* [What this task involves]: Set down each line of the data below exactly as it stands, dropping the pictures.

(Data extracted from a collection)
[Start of Attachment]
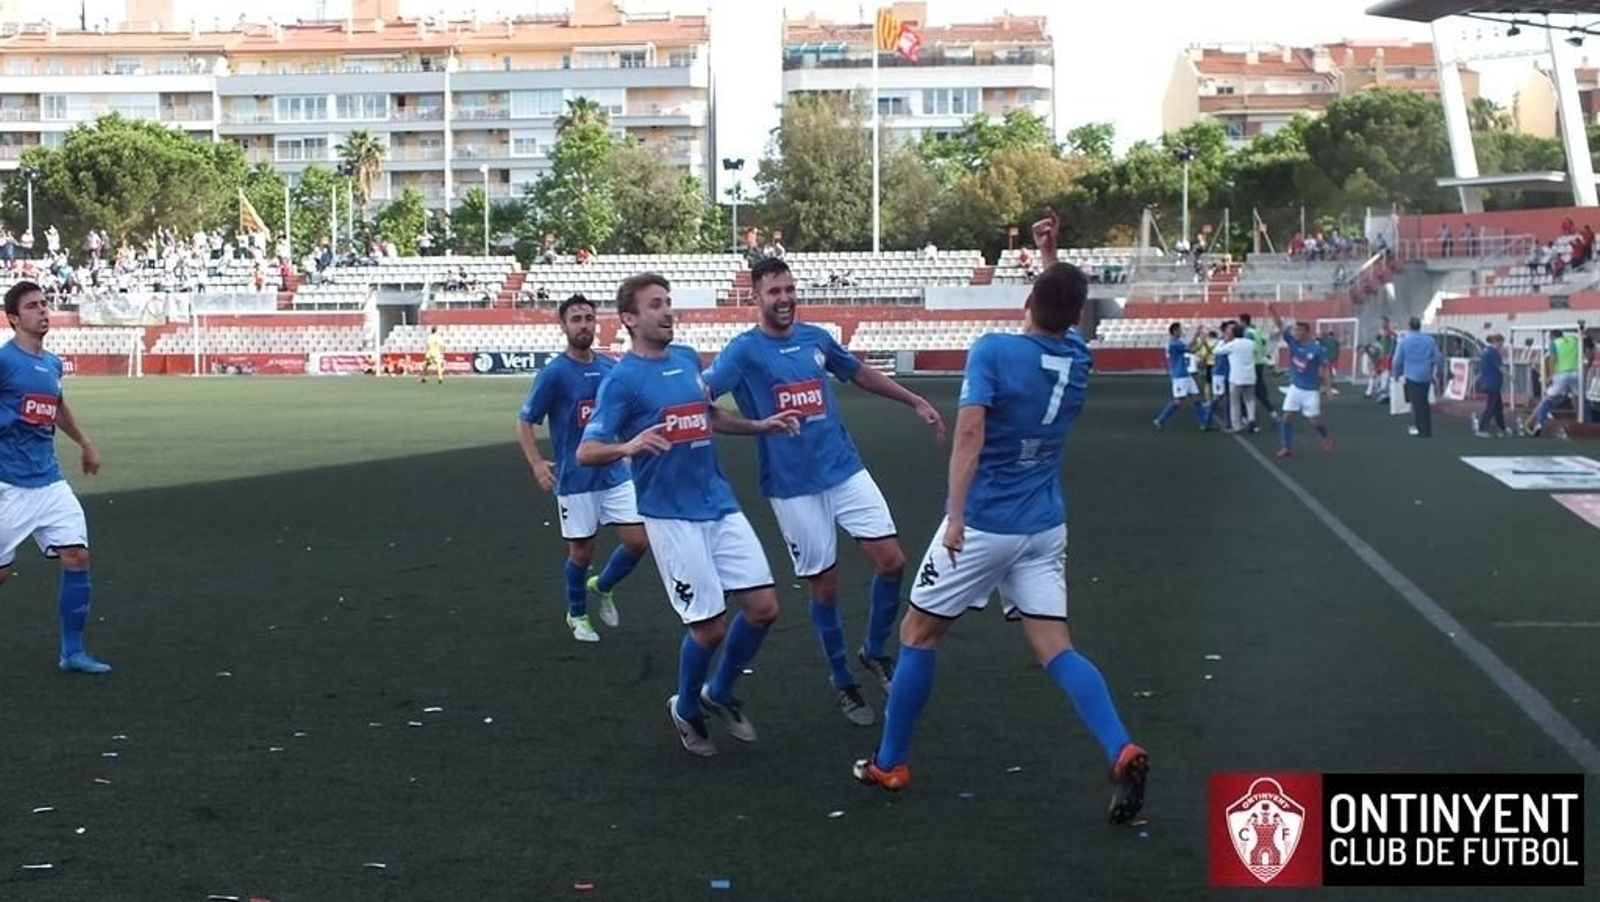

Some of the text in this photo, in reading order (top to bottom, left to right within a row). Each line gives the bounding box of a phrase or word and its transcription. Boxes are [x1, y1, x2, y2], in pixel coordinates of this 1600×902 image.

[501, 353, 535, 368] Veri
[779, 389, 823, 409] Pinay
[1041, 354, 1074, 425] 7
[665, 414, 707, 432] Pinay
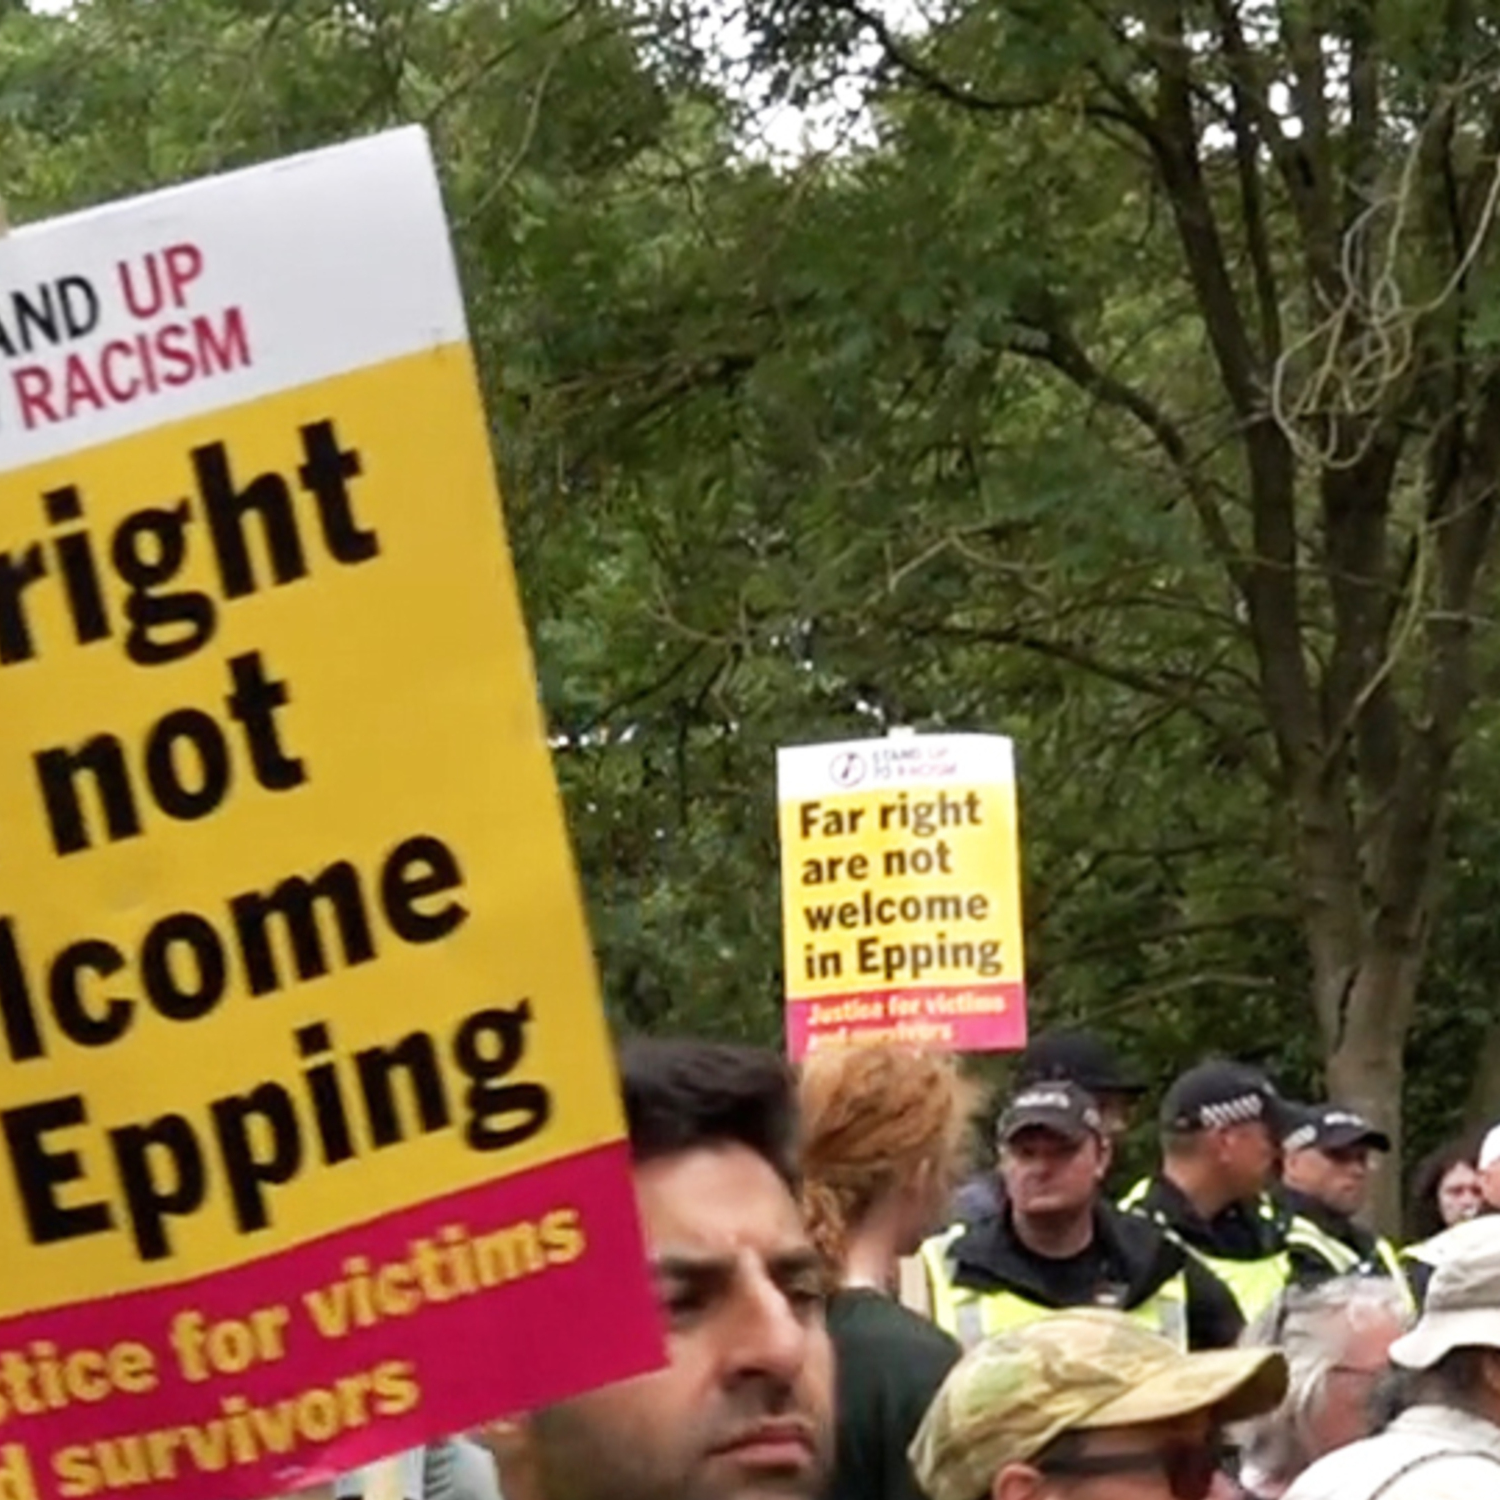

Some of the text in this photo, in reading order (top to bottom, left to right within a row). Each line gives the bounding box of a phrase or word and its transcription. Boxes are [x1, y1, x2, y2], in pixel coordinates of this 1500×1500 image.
[End of Attachment]
* [Written solution]:
Some of the text in this photo, in reading order (top to bottom, left to right within a row). Each line gives the bounding box of a phrase or word and its transcription. Boxes are [x1, y1, x2, y2], in pixel coordinates of this 1600×902 image.

[501, 353, 535, 368] Veri
[779, 389, 823, 409] Pinay
[1041, 354, 1074, 425] 7
[665, 414, 707, 432] Pinay

Some of the text in this photo, in reading order (top to bottom, left to right within a row). Each line gives the bounding box of a phrase or word and its transcription. Boxes are [x1, y1, x2, y2], in pixel coordinates of this 1500×1500 image.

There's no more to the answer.